Just small reusable pieces snapping together like LEGO blocks 🧱✨
Parse Unknown Values Safely
Guards become especially useful at boundaries:
- API responses
- localStorage
- form input
- JSON parsing
- message events
- feature flags
Basically, anywhere unknown enters your app.
Use safeParse when you want a small result object.
import { safeParse } from 'is-kit';
declare const payload: unknown;
const result = safeParse(isUser, payload);
if (result.valid) {
result.value.id; // string
result.value.role; // 'admin' | 'member' | 'guest'
}
For JSON text, use safeJsonParse.
import { safeJsonParse } from 'is-kit';
const result = safeJsonParse(
'{"id":"u1","name":"Ada","age":36,"role":"admin"}',
isUser
);
if (result.valid) {
result.value.name.toUpperCase();
}
Invalid JSON? { valid: false }
Guard mismatch? { valid: false }
Simple and predictable.
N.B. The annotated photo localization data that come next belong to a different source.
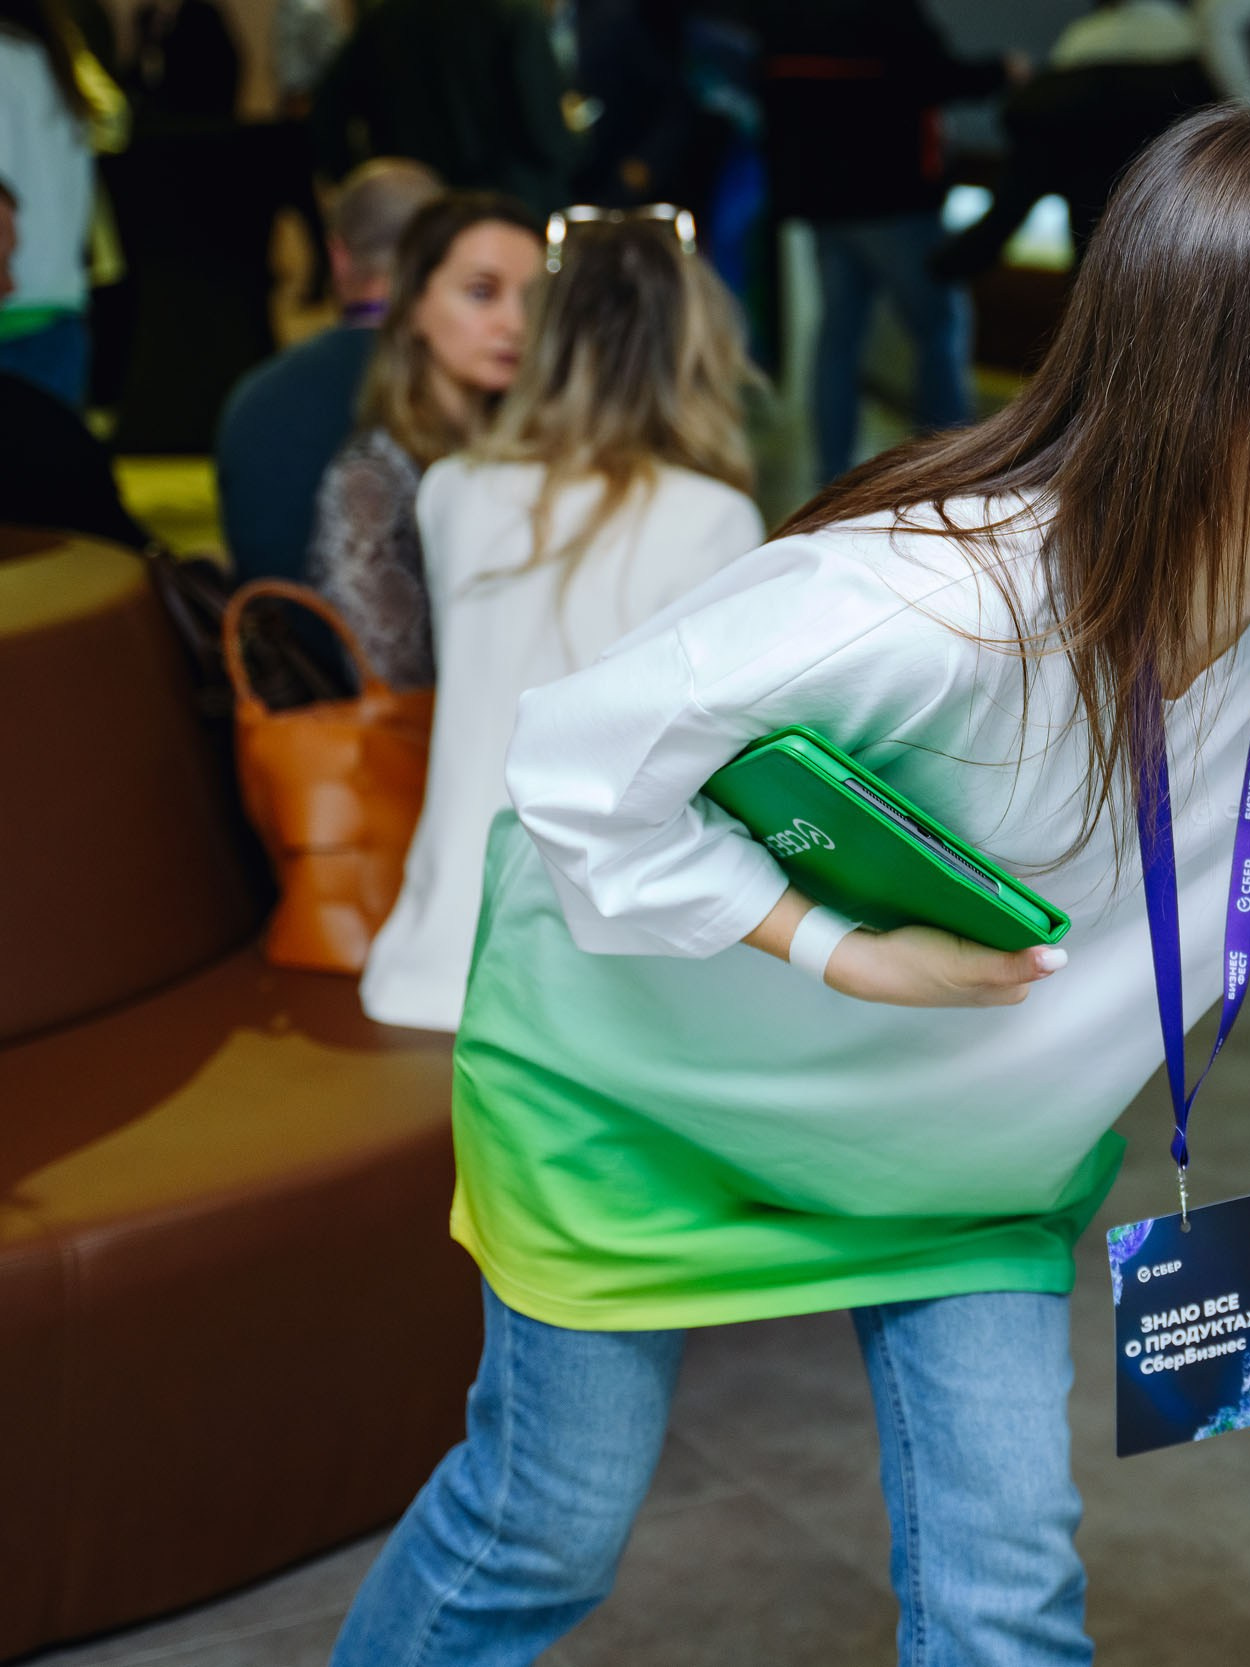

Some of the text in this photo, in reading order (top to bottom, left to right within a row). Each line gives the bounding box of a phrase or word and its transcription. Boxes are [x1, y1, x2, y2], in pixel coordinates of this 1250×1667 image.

[1227, 951, 1239, 1000] БИЗНЕС
[1237, 951, 1248, 985] ФЕСТ
[1152, 1260, 1182, 1278] СБЕР
[1140, 1293, 1240, 1334] ЗНАЮ ВСЕ
[1125, 1340, 1142, 1358] О
[1140, 1337, 1248, 1375] СберБизнес
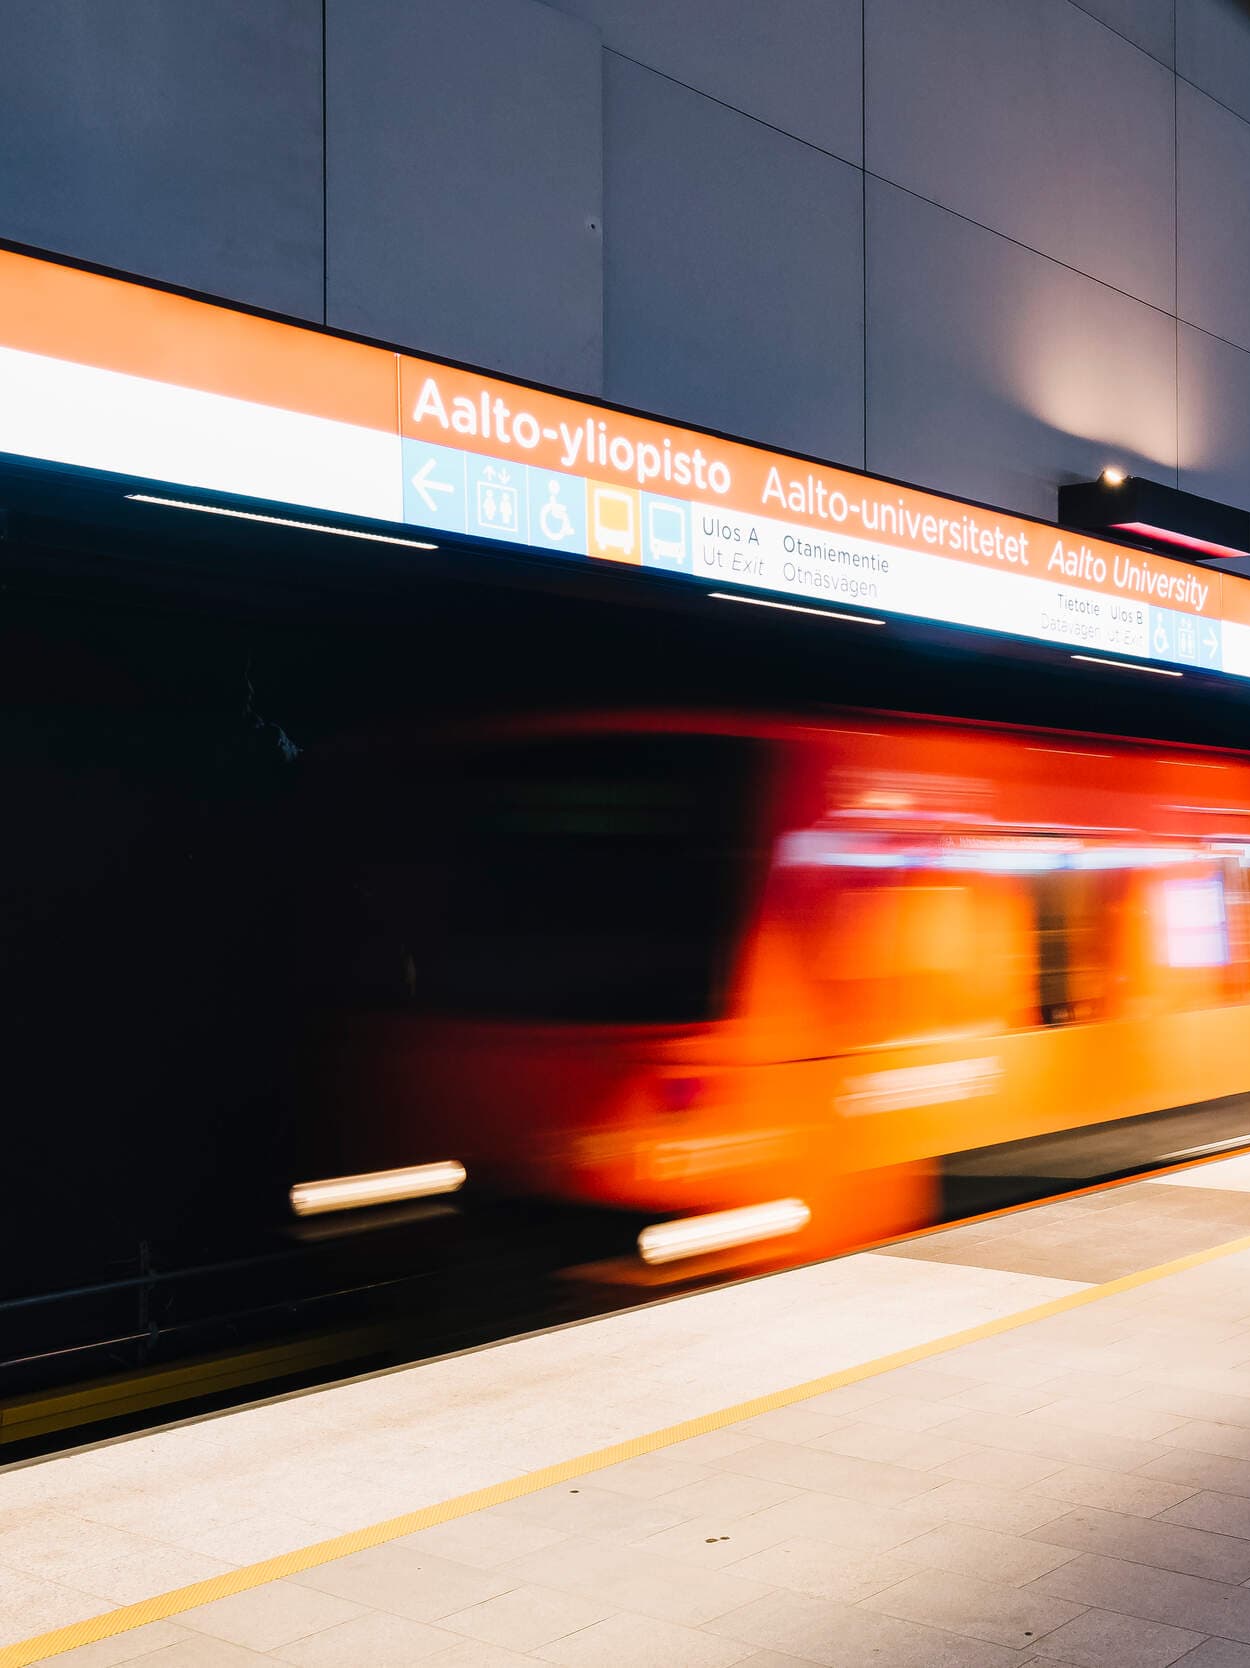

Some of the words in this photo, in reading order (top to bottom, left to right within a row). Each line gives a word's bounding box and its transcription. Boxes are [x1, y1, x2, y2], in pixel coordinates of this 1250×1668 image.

[413, 378, 732, 494] Aalto-yliopisto
[762, 466, 1030, 567] Aalto-universitetet
[1047, 540, 1107, 583] Aalto
[1113, 555, 1209, 612] University
[702, 516, 741, 542] Ulos
[748, 527, 760, 546] A
[783, 534, 889, 573] Otaniementie
[703, 543, 723, 568] Ut
[731, 552, 765, 576] Exit
[1057, 593, 1100, 616] Tietotie
[1110, 605, 1133, 623] Ulos
[1136, 610, 1144, 625] B
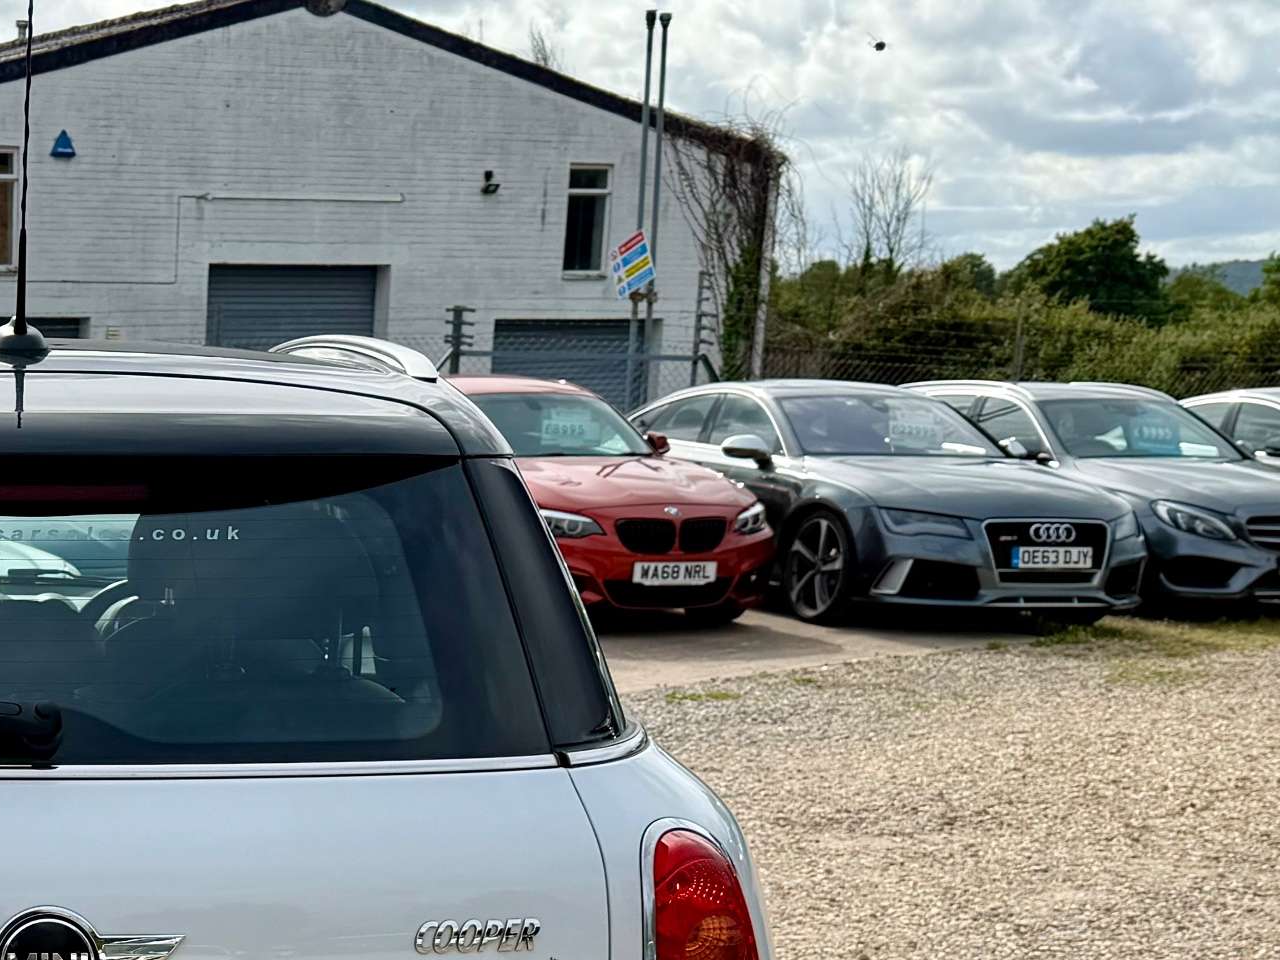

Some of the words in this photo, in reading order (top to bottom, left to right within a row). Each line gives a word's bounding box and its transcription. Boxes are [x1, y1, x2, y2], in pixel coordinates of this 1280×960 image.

Very nice 😎
Handle Nullish Values Explicitly
Nullish handling is another place where guard logic gets messy fast.
is-kit gives you small helpers for that too.
import { isNil, isString, nullish, optional } from 'is-kit';
isNil(null); // true
isNil(undefined); // true
isNil(0); // false
const isNullishString = nullish(isString);
const isOptionalString = optional(isString);
isNullishString(null); // true
isNullishString('hello'); // true
isOptionalString(undefined); // true
isOptionalString('hello'); // true
Use:
isNil(value) to check null | undefined directly
nullable(guard) to allow null
optional(guard) to allow undefined
nullish(guard) to allow both
For optional object keys inside struct, use optionalKey.
import { isString, optionalKey, struct } from 'is-kit';
const isProfile = struct({
id: isString,
nickname: optionalKey(isString)
});
This means nickname may be missing.
But if it exists, it must be a string.
Small rule. Clear behavior. No confusion 👍
🎯 Summary
Type guards do not have to be one-off defensive functions.
They can be reusable logic blocks.
With is-kit, you can build guards from small pieces:
define for custom runtime checks
struct and typedStruct for object shapes
and, or, and not for composition
predicateToRefine for extra conditions
narrowKeyTo for discriminant-style narrowing
safeParse and safeJsonParse for boundary validation
Try converting just one existing isXXX function into an is-kit version.
Once your guards are small and composable, they become much easier to share, test, and maintain.